===================================================
 The Problem is Binding URL Paths to Code and Data
===================================================

:Author: Martin Blais <blais@furius.ca>
:Date: 2005-04-24
:Abstract:

  Note about my understanding of RESTfulness and motivation.

Introduction
------------

Today I have realized something important about web applications while designing
a security mechanism for my framework.  I think I have understood the real value
of making a system RESTful.  Even after reading the design of Zope3, which is
making more and more sense now, I had not quite grasped the importance of this.
This document describes my understanding of the issue, with a specific example
that should motivate the desire for RESTfulness.


Stateful Design
---------------

The way my system is currently designed ties the notion of "current user" with
the meaning of a URL path on my server.  For example, when I access the
"/profile" URL, the results are different depending on which is the currently
logged in user.

An important problem with this approach lies in the definition of a flexible
system for permissions.  If, for example, I want to define a permission group
for an administrator to be able to access any user's /profile page, I would have
to create some special codes for the administrator page to access that
functionality.

It is obvious that a better system would be for each URL to represent a unique
resource, and for a permission system to simply restrict which resources are
available depending on the credentials of the currently logged in user.  That
is, to make the system RESTful.


RESTfulness is important
------------------------

REST stands for REpresentational State Tranfer.  The basic idea is that each URL
uniquely represents a resource in the system.  Basically, given a specific URL
(including its GET or POST arguments), you should obtain the same resource,
and/or trigger a specific state transfer that does not depend on
context/session.

You want to be able to separate authentication from session data.  Basically,
the less you can do with session-specific data, the better.


A Specific Example
------------------

In my case, the way I should serve user-specific pages should be::

   /users/<username>/profile

This way, even if a user other than <username> is logged in, and has permissions
to access this page, he can.  This is how administrator users should be able to
access user profiles.  They use the very same URLs/codes, and their credentials
allow them access to those resources.  Users != <username> simply don't have the
credentials to access those pages, but technically, if they could, the resource
URL would be the same.

This allows the creation of very flexible access policies.  These policies could
be created either by writing special code to accept or reject access to specific
resources, or by using a special regexp syntax (a special case of the former).
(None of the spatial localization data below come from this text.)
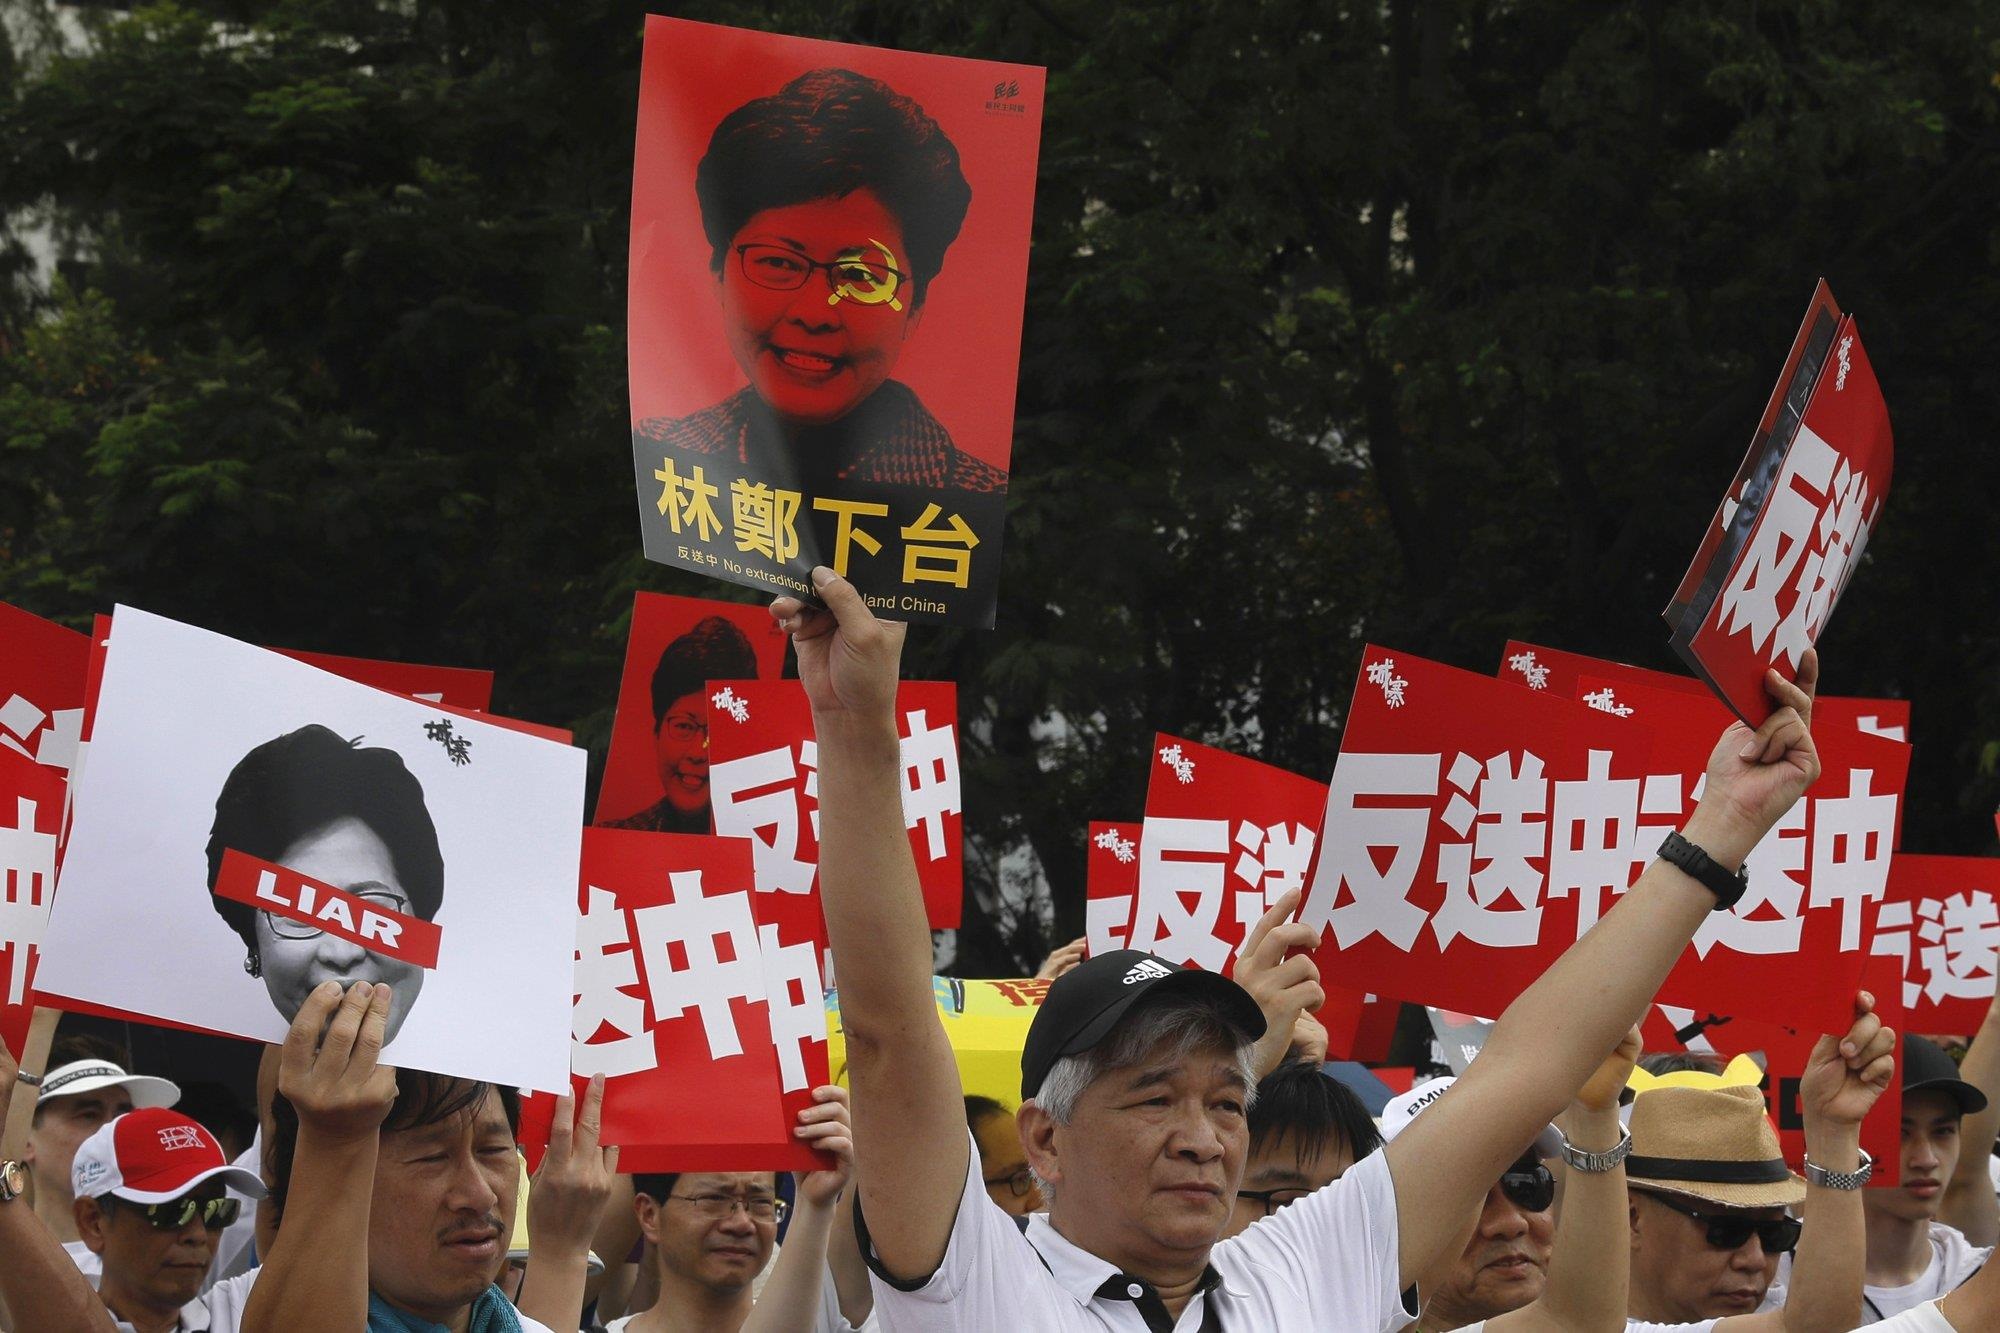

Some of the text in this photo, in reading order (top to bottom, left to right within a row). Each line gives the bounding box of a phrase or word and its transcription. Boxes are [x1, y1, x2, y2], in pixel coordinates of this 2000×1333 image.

[653, 457, 981, 589] 林鄭下台
[677, 545, 718, 568] 反送中
[723, 558, 742, 574] No
[745, 567, 809, 594] extradition
[901, 596, 947, 614] China
[711, 686, 750, 724] 城寨
[1365, 658, 1409, 709] 城寨
[423, 718, 472, 767] 城寨
[1158, 744, 1196, 785] 城寨
[1094, 828, 1136, 865] 城寨
[1300, 748, 1641, 954] 反送中
[256, 869, 403, 949] LIAR
Another interesting consequence of defining access policies this way is that we
can decouple the implementation of the resources with the implementation of the
access mechanisms.  This makes the system much more flexible.
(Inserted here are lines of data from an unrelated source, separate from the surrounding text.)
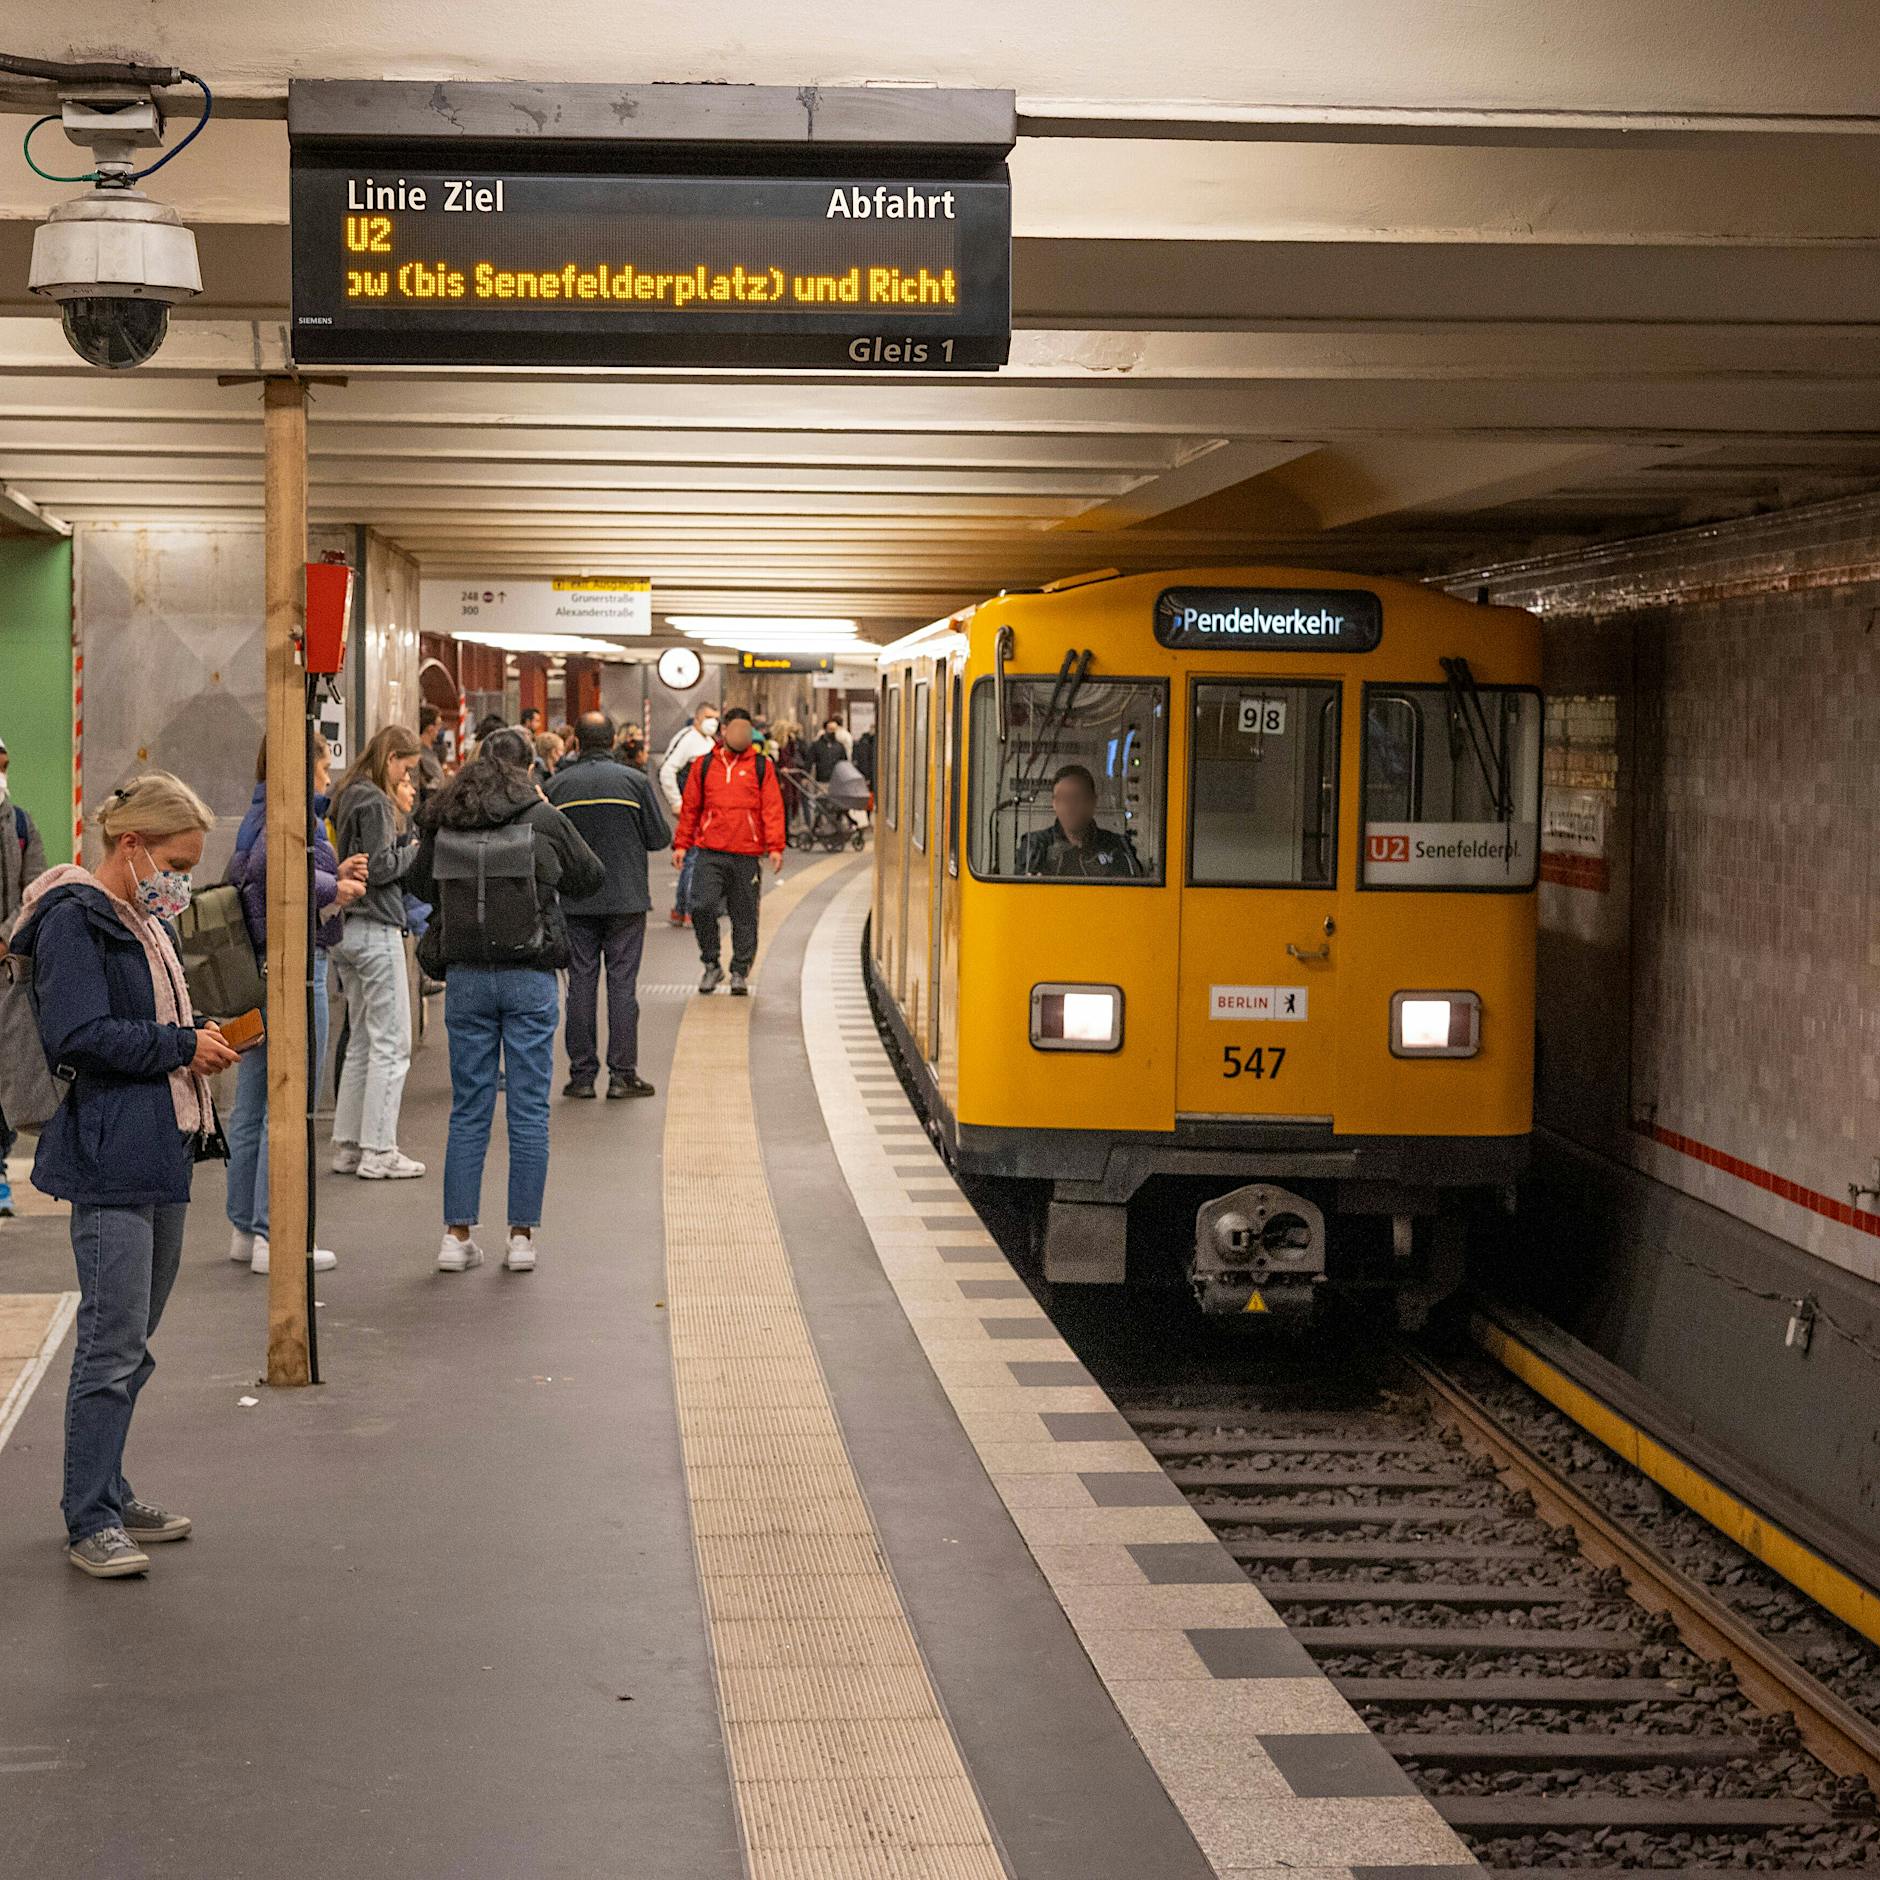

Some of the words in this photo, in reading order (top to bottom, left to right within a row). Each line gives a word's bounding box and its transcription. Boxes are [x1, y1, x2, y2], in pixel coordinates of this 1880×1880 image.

[348, 179, 426, 210] Linie
[444, 180, 504, 212] Ziel
[827, 187, 955, 219] Abfahrt
[347, 217, 391, 251] U2
[399, 263, 465, 297] (bis
[475, 263, 784, 306] Senefelderplatz)
[794, 269, 859, 302] und
[869, 269, 955, 304] Richt
[298, 316, 333, 325] SIEMENS
[849, 338, 928, 362] Gleis
[941, 339, 954, 362] 1
[461, 591, 479, 602] 248
[461, 606, 479, 616] 300
[556, 606, 634, 617] Alexanderstraße
[1183, 607, 1345, 635] Pendelverkehr
[1244, 707, 1280, 730] 98
[1370, 838, 1406, 860] U2
[1217, 995, 1269, 1009] BERLIN
[1222, 1045, 1287, 1080] 547
Requests are Function Calls
---------------------------

Essentially, each request maps onto a function call within our system.  Let's
examine the anatomy of a function call, as it is often represented in most
computer languages, in this case we will choose Python::

   def foo( bar1, bar2, bar3=def1, bar4=def2, *kwds )

A function has:

* a name, ``foo``
* some fixed number of formal parameters, ``bar1`` and ``bar2``
* some optional parameters, ``bar3`` and ``bar4``
* some extra unnamed parameters, ``*kwds``
* a return value (which can be packed as a tuple)

The difference between systems which implement the various RPC protocols and a
URL is simple: a URL is simply an encoding of the function call parameters.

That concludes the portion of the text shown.